§ Material provided:

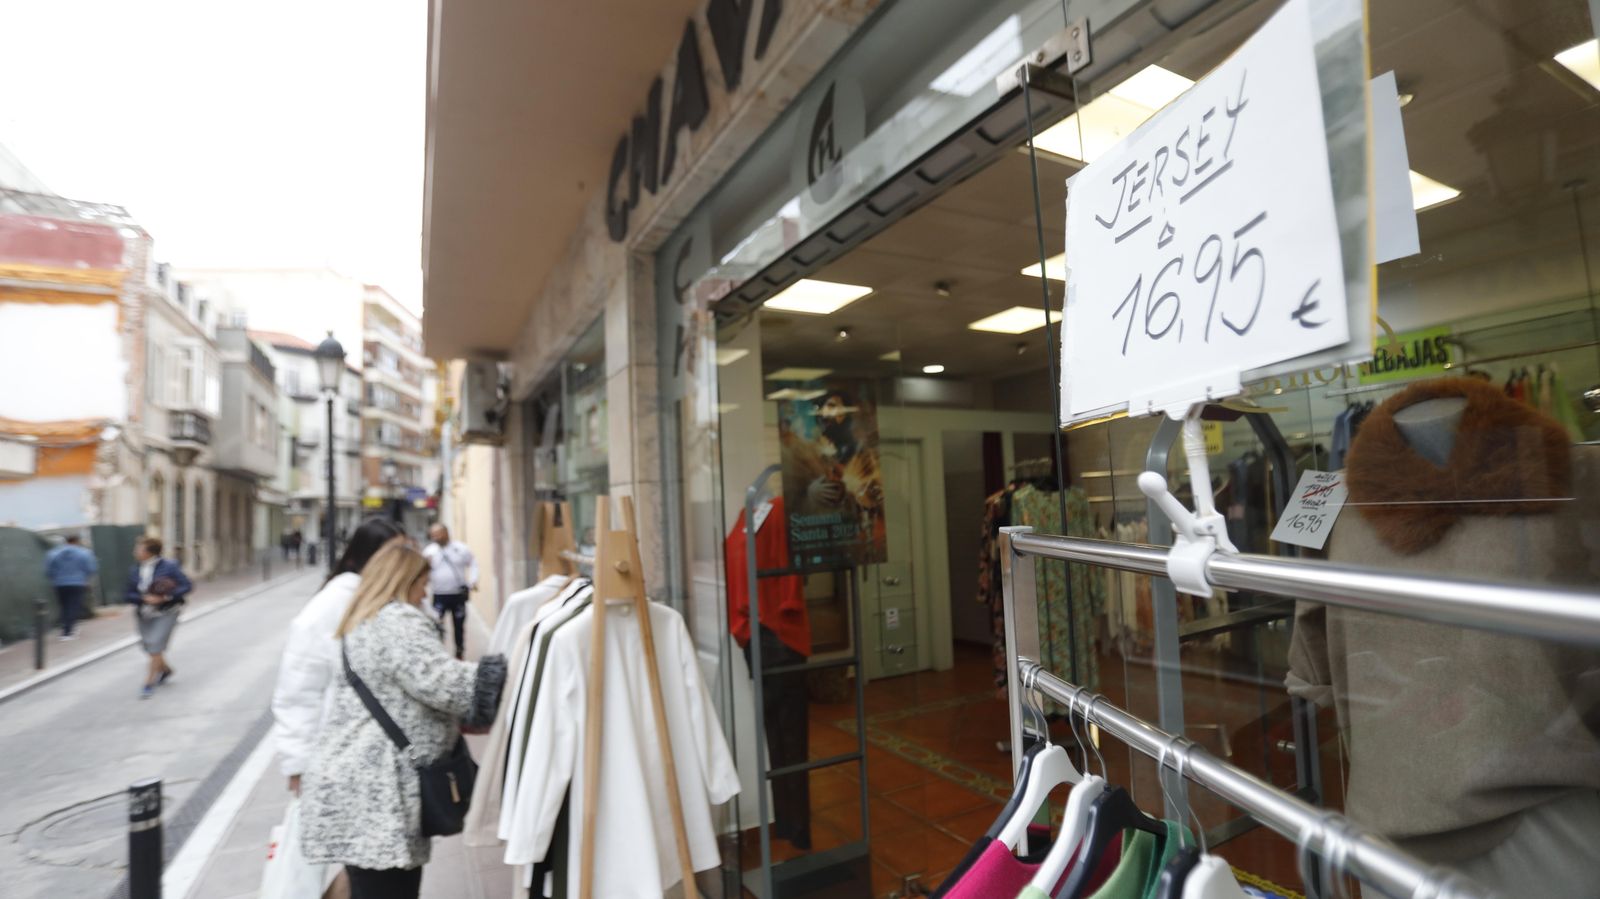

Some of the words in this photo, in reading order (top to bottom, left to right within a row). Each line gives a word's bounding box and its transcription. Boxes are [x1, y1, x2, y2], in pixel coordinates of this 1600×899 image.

[1095, 67, 1249, 229] JERSEY
[1112, 211, 1268, 357] 16,95
[1291, 277, 1331, 329] €
[1286, 513, 1327, 533] 16,95
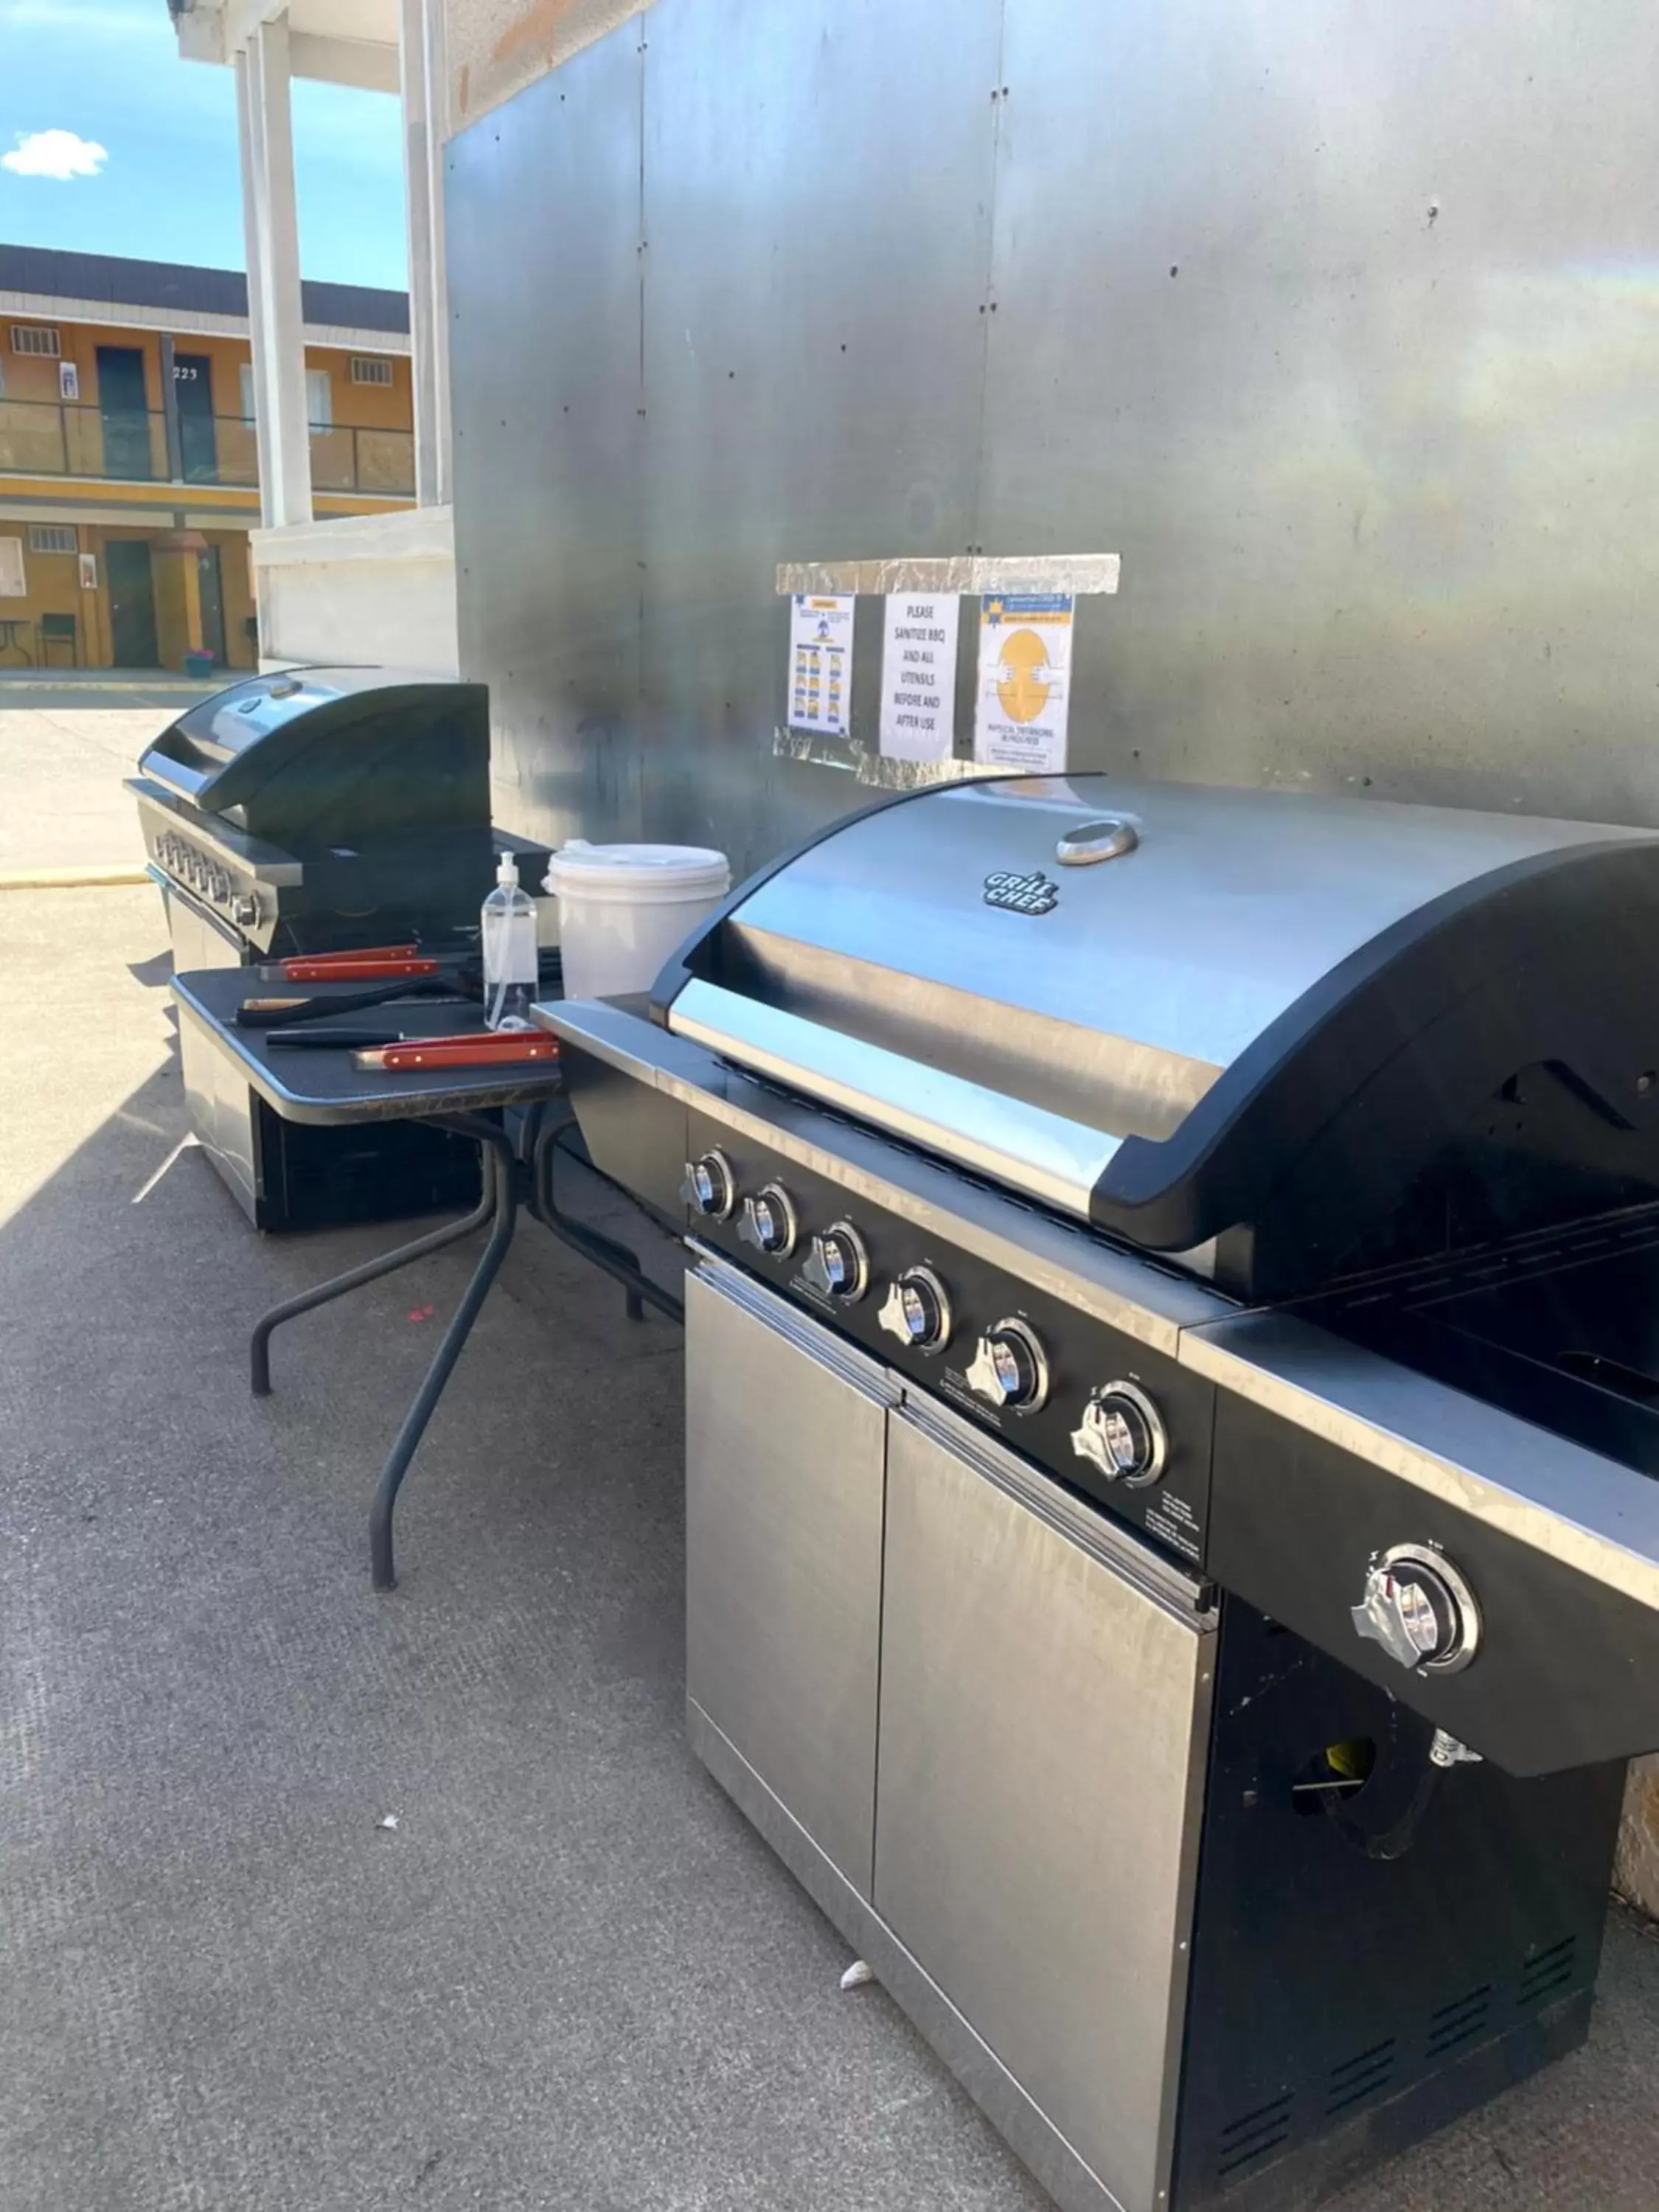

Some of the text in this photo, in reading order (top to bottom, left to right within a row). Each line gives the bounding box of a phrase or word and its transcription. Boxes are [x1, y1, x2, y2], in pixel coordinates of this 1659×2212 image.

§ The problem:
Everything in the records above except the pictures is to be reproduced word for word.

§ Output for this exercise:
Some of the words in this photo, in reading order (top to bottom, left to right within a row). Each line gives a word's bounding box and its transcription. Boxes are [x1, y1, x2, y2], in pixel coordinates of this 1600×899 image.

[1095, 67, 1249, 229] JERSEY
[1112, 211, 1268, 357] 16,95
[1291, 277, 1331, 329] €
[1286, 513, 1327, 533] 16,95

Some of the text in this photo, in reading order (top to bottom, left to right within a row). Each line gives the bounding box of a phrase or word and its transcription. Boxes are [x1, y1, x2, y2], in pixel coordinates of this 1659×2212 image.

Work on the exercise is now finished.